The bank’s above-consensus view on the US economy — it assigns a 25 per cent probability to a recession over the next 12 months, against a 65 per cent estimate by the median forecaster — also means it thinks a catch-up is more likely than a catch-down.
In the same vein, Max Kettner, chief multi-asset strategist at HSBC, said the narrowness of the market had become an “obsession of bearish commentators and investors”.
“[US equity market] breadth is as bad as it’s ever been in history,” he wrote in a note to clients. But, he added, this in itself did not throw off strong, reliable trading signals. On the margins, it may even be positive. “If anything, the immediate performance following weak market breadth is better compared to when equity market breadth is strong,” the note concluded.

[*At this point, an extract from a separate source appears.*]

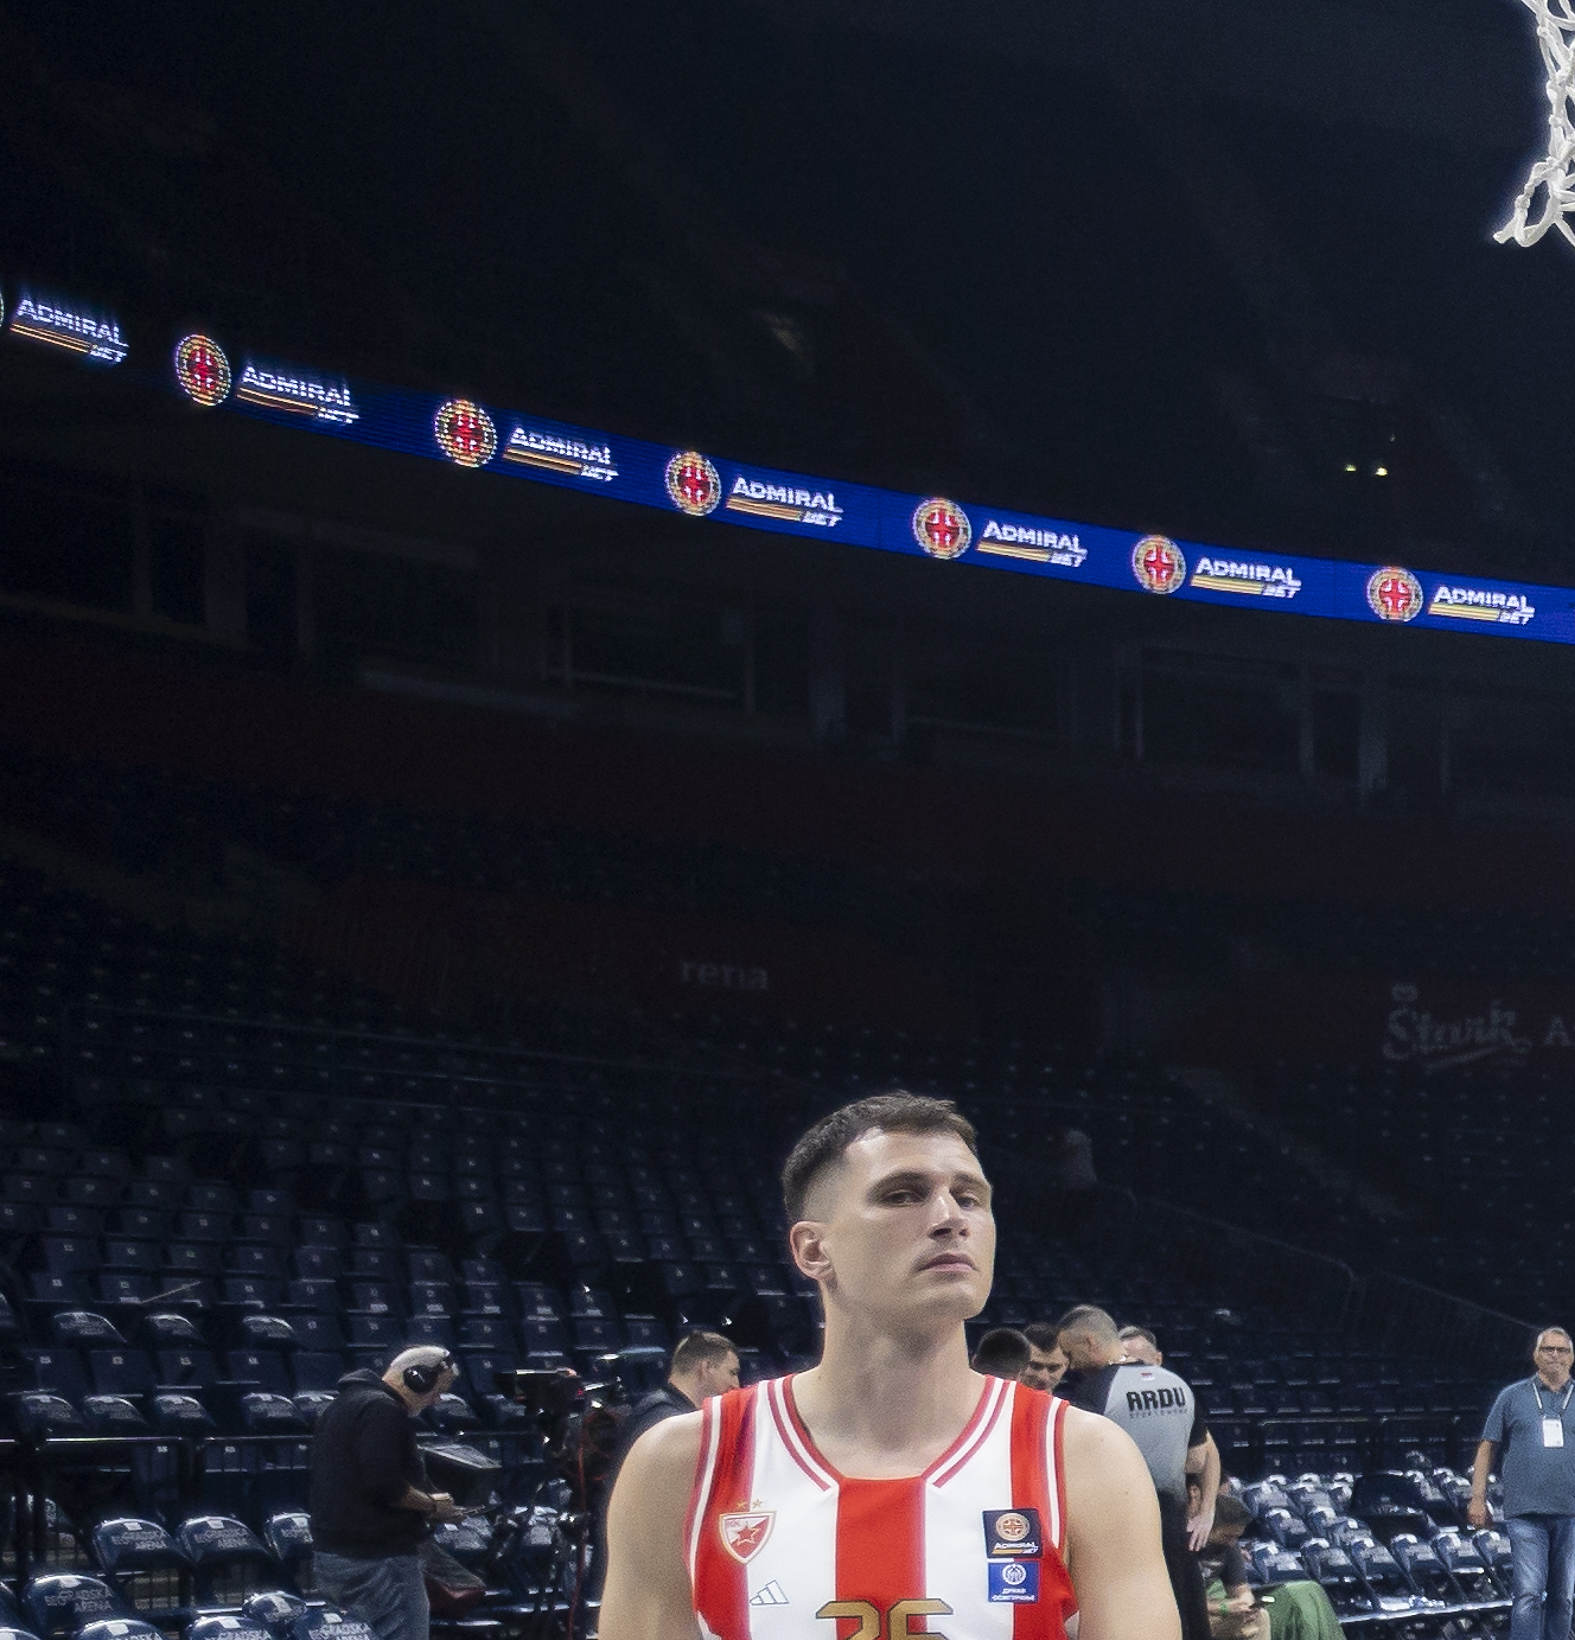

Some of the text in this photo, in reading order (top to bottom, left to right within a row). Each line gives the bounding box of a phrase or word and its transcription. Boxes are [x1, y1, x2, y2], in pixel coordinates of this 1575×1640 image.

Analysts at Barclays said they had spotted tentative signs that investors were starting to give up on the gloom. “Following nearly three months of wait-and-see mode, cautious but also cash-rich investors appear to have finally thrown in the towel and started chasing the rally,” the bank said.
The buying was spreading beyond just those tech names, it said, which “could in fact be a prelude to a sustained breakout from the recent trading range”.
For now, market bulls and bears alike are using this narrow markets phenomenon to further their case. But the broader global financial ecosystem may be weaker and less varied for it.
“Capital markets have become a champions league,” says Carmine Di Noia, director for financial and enterprise affairs at the OECD, referring to the elite European football championship. “They are not only dominated by large issuers but also by large asset managers, asset owners, index providers and audit firms. There is concentration in all parts of the market.”